(Data extracted from a collection)
══════════

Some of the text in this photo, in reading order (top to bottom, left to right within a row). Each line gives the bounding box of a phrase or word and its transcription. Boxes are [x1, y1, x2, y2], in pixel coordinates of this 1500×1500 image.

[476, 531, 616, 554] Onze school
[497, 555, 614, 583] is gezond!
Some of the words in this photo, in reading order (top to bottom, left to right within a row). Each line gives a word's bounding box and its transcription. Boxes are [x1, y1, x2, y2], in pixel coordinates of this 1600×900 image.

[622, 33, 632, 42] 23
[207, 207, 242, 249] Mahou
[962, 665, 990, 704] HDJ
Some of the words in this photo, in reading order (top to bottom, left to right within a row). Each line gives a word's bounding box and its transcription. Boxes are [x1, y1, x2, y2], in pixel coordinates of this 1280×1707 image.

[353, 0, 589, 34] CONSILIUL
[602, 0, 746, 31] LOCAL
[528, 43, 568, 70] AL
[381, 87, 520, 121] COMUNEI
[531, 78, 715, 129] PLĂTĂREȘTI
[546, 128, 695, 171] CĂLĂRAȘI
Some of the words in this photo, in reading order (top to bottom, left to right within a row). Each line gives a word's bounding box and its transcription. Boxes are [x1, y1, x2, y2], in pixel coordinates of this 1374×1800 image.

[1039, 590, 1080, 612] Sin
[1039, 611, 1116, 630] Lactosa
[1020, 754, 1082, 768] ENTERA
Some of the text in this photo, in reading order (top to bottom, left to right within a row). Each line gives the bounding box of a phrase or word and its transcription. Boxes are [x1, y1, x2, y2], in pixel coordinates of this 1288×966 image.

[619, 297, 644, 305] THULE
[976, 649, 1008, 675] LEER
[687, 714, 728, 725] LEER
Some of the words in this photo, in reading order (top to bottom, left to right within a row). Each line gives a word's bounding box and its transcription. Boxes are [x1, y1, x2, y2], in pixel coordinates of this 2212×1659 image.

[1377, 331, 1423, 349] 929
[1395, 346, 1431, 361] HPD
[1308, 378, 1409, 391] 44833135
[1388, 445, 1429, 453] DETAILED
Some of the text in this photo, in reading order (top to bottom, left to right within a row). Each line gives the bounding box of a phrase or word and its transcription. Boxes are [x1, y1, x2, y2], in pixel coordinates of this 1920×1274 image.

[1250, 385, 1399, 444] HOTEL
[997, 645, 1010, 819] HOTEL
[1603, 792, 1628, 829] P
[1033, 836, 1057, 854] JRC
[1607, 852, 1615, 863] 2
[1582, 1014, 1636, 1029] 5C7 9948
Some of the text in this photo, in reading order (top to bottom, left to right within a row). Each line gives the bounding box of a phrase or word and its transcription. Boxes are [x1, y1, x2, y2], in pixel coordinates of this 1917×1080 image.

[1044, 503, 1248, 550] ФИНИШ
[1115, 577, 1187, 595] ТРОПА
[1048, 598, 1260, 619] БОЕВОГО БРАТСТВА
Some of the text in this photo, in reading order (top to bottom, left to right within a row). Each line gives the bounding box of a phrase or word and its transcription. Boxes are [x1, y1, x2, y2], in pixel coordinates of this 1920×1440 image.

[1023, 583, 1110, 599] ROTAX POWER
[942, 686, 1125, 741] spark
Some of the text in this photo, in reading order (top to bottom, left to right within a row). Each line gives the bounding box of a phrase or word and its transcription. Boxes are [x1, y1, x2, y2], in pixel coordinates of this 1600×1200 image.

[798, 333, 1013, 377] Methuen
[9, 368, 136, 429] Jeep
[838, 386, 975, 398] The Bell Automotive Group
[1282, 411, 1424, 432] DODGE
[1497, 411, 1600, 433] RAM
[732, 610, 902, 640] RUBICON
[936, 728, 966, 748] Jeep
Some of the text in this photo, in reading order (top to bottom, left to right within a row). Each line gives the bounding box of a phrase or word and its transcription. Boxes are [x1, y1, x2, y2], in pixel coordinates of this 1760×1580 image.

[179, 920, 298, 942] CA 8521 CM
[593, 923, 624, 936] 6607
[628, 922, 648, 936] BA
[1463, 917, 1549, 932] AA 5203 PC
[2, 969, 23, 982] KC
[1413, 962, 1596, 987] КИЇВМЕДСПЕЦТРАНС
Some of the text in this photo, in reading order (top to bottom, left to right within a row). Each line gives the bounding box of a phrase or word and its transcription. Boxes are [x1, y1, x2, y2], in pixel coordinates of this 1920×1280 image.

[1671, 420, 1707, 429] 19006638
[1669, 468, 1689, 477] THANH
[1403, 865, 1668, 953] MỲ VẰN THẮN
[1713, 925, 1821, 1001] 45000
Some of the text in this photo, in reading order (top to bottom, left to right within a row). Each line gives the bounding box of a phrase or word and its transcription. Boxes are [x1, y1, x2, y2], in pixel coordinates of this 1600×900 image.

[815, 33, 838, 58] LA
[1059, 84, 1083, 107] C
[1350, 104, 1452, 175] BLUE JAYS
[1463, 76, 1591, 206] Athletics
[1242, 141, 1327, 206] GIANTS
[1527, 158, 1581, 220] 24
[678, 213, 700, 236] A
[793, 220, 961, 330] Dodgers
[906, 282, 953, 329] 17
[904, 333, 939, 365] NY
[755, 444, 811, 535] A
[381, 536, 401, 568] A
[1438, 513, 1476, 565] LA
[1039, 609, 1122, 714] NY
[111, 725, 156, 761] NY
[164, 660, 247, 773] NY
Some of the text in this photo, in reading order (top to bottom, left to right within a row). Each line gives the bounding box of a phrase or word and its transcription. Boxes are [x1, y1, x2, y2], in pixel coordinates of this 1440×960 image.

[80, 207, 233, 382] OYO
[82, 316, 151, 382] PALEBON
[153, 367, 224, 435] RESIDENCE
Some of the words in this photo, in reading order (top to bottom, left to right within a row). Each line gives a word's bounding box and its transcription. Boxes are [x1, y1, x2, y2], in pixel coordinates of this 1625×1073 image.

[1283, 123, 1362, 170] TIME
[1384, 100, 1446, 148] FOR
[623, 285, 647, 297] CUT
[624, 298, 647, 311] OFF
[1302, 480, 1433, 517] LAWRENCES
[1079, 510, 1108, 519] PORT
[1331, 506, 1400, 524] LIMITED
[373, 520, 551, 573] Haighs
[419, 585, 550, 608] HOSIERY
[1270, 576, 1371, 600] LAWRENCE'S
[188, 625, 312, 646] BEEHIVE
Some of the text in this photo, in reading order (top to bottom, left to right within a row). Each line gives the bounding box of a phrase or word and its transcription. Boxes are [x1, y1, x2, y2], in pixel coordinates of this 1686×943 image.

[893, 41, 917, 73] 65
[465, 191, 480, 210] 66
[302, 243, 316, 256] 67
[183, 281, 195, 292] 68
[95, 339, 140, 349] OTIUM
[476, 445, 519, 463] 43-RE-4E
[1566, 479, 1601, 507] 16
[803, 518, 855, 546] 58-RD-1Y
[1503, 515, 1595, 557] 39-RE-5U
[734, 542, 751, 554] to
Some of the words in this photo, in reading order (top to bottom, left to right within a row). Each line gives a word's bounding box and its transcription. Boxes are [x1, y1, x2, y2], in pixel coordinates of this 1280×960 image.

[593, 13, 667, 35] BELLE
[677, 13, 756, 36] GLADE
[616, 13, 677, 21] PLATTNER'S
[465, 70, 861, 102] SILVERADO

══════════

**Task directions**.
Output an identical copy of every record above.

**Response to this task**.
Some of the text in this photo, in reading order (top to bottom, left to right within a row). Each line gives the bounding box of a phrase or word and its transcription. Boxes are [x1, y1, x2, y2], in pixel coordinates of this 1500×1500 image.

[476, 531, 616, 554] Onze school
[497, 555, 614, 583] is gezond!
Some of the words in this photo, in reading order (top to bottom, left to right within a row). Each line gives a word's bounding box and its transcription. Boxes are [x1, y1, x2, y2], in pixel coordinates of this 1600×900 image.

[622, 33, 632, 42] 23
[207, 207, 242, 249] Mahou
[962, 665, 990, 704] HDJ
Some of the words in this photo, in reading order (top to bottom, left to right within a row). Each line gives a word's bounding box and its transcription. Boxes are [x1, y1, x2, y2], in pixel coordinates of this 1280×1707 image.

[353, 0, 589, 34] CONSILIUL
[602, 0, 746, 31] LOCAL
[528, 43, 568, 70] AL
[381, 87, 520, 121] COMUNEI
[531, 78, 715, 129] PLĂTĂREȘTI
[546, 128, 695, 171] CĂLĂRAȘI
Some of the words in this photo, in reading order (top to bottom, left to right within a row). Each line gives a word's bounding box and its transcription. Boxes are [x1, y1, x2, y2], in pixel coordinates of this 1374×1800 image.

[1039, 590, 1080, 612] Sin
[1039, 611, 1116, 630] Lactosa
[1020, 754, 1082, 768] ENTERA
Some of the text in this photo, in reading order (top to bottom, left to right within a row). Each line gives the bounding box of a phrase or word and its transcription. Boxes are [x1, y1, x2, y2], in pixel coordinates of this 1288×966 image.

[619, 297, 644, 305] THULE
[976, 649, 1008, 675] LEER
[687, 714, 728, 725] LEER
Some of the words in this photo, in reading order (top to bottom, left to right within a row). Each line gives a word's bounding box and its transcription. Boxes are [x1, y1, x2, y2], in pixel coordinates of this 2212×1659 image.

[1377, 331, 1423, 349] 929
[1395, 346, 1431, 361] HPD
[1308, 378, 1409, 391] 44833135
[1388, 445, 1429, 453] DETAILED
Some of the text in this photo, in reading order (top to bottom, left to right within a row). Each line gives the bounding box of a phrase or word and its transcription. Boxes are [x1, y1, x2, y2], in pixel coordinates of this 1920×1274 image.

[1250, 385, 1399, 444] HOTEL
[997, 645, 1010, 819] HOTEL
[1603, 792, 1628, 829] P
[1033, 836, 1057, 854] JRC
[1607, 852, 1615, 863] 2
[1582, 1014, 1636, 1029] 5C7 9948
Some of the text in this photo, in reading order (top to bottom, left to right within a row). Each line gives the bounding box of a phrase or word and its transcription. Boxes are [x1, y1, x2, y2], in pixel coordinates of this 1917×1080 image.

[1044, 503, 1248, 550] ФИНИШ
[1115, 577, 1187, 595] ТРОПА
[1048, 598, 1260, 619] БОЕВОГО БРАТСТВА
Some of the text in this photo, in reading order (top to bottom, left to right within a row). Each line gives the bounding box of a phrase or word and its transcription. Boxes are [x1, y1, x2, y2], in pixel coordinates of this 1920×1440 image.

[1023, 583, 1110, 599] ROTAX POWER
[942, 686, 1125, 741] spark
Some of the text in this photo, in reading order (top to bottom, left to right within a row). Each line gives the bounding box of a phrase or word and its transcription. Boxes are [x1, y1, x2, y2], in pixel coordinates of this 1600×1200 image.

[798, 333, 1013, 377] Methuen
[9, 368, 136, 429] Jeep
[838, 386, 975, 398] The Bell Automotive Group
[1282, 411, 1424, 432] DODGE
[1497, 411, 1600, 433] RAM
[732, 610, 902, 640] RUBICON
[936, 728, 966, 748] Jeep
Some of the text in this photo, in reading order (top to bottom, left to right within a row). Each line gives the bounding box of a phrase or word and its transcription. Boxes are [x1, y1, x2, y2], in pixel coordinates of this 1760×1580 image.

[179, 920, 298, 942] CA 8521 CM
[593, 923, 624, 936] 6607
[628, 922, 648, 936] BA
[1463, 917, 1549, 932] AA 5203 PC
[2, 969, 23, 982] KC
[1413, 962, 1596, 987] КИЇВМЕДСПЕЦТРАНС
Some of the text in this photo, in reading order (top to bottom, left to right within a row). Each line gives the bounding box of a phrase or word and its transcription. Boxes are [x1, y1, x2, y2], in pixel coordinates of this 1920×1280 image.

[1671, 420, 1707, 429] 19006638
[1669, 468, 1689, 477] THANH
[1403, 865, 1668, 953] MỲ VẰN THẮN
[1713, 925, 1821, 1001] 45000
Some of the text in this photo, in reading order (top to bottom, left to right within a row). Each line gives the bounding box of a phrase or word and its transcription. Boxes are [x1, y1, x2, y2], in pixel coordinates of this 1600×900 image.

[815, 33, 838, 58] LA
[1059, 84, 1083, 107] C
[1350, 104, 1452, 175] BLUE JAYS
[1463, 76, 1591, 206] Athletics
[1242, 141, 1327, 206] GIANTS
[1527, 158, 1581, 220] 24
[678, 213, 700, 236] A
[793, 220, 961, 330] Dodgers
[906, 282, 953, 329] 17
[904, 333, 939, 365] NY
[755, 444, 811, 535] A
[381, 536, 401, 568] A
[1438, 513, 1476, 565] LA
[1039, 609, 1122, 714] NY
[111, 725, 156, 761] NY
[164, 660, 247, 773] NY
Some of the text in this photo, in reading order (top to bottom, left to right within a row). Each line gives the bounding box of a phrase or word and its transcription. Boxes are [x1, y1, x2, y2], in pixel coordinates of this 1440×960 image.

[80, 207, 233, 382] OYO
[82, 316, 151, 382] PALEBON
[153, 367, 224, 435] RESIDENCE
Some of the words in this photo, in reading order (top to bottom, left to right within a row). Each line gives a word's bounding box and its transcription. Boxes are [x1, y1, x2, y2], in pixel coordinates of this 1625×1073 image.

[1283, 123, 1362, 170] TIME
[1384, 100, 1446, 148] FOR
[623, 285, 647, 297] CUT
[624, 298, 647, 311] OFF
[1302, 480, 1433, 517] LAWRENCES
[1079, 510, 1108, 519] PORT
[1331, 506, 1400, 524] LIMITED
[373, 520, 551, 573] Haighs
[419, 585, 550, 608] HOSIERY
[1270, 576, 1371, 600] LAWRENCE'S
[188, 625, 312, 646] BEEHIVE
Some of the text in this photo, in reading order (top to bottom, left to right within a row). Each line gives the bounding box of a phrase or word and its transcription. Boxes are [x1, y1, x2, y2], in pixel coordinates of this 1686×943 image.

[893, 41, 917, 73] 65
[465, 191, 480, 210] 66
[302, 243, 316, 256] 67
[183, 281, 195, 292] 68
[95, 339, 140, 349] OTIUM
[476, 445, 519, 463] 43-RE-4E
[1566, 479, 1601, 507] 16
[803, 518, 855, 546] 58-RD-1Y
[1503, 515, 1595, 557] 39-RE-5U
[734, 542, 751, 554] to
Some of the words in this photo, in reading order (top to bottom, left to right within a row). Each line gives a word's bounding box and its transcription. Boxes are [x1, y1, x2, y2], in pixel coordinates of this 1280×960 image.

[593, 13, 667, 35] BELLE
[677, 13, 756, 36] GLADE
[616, 13, 677, 21] PLATTNER'S
[465, 70, 861, 102] SILVERADO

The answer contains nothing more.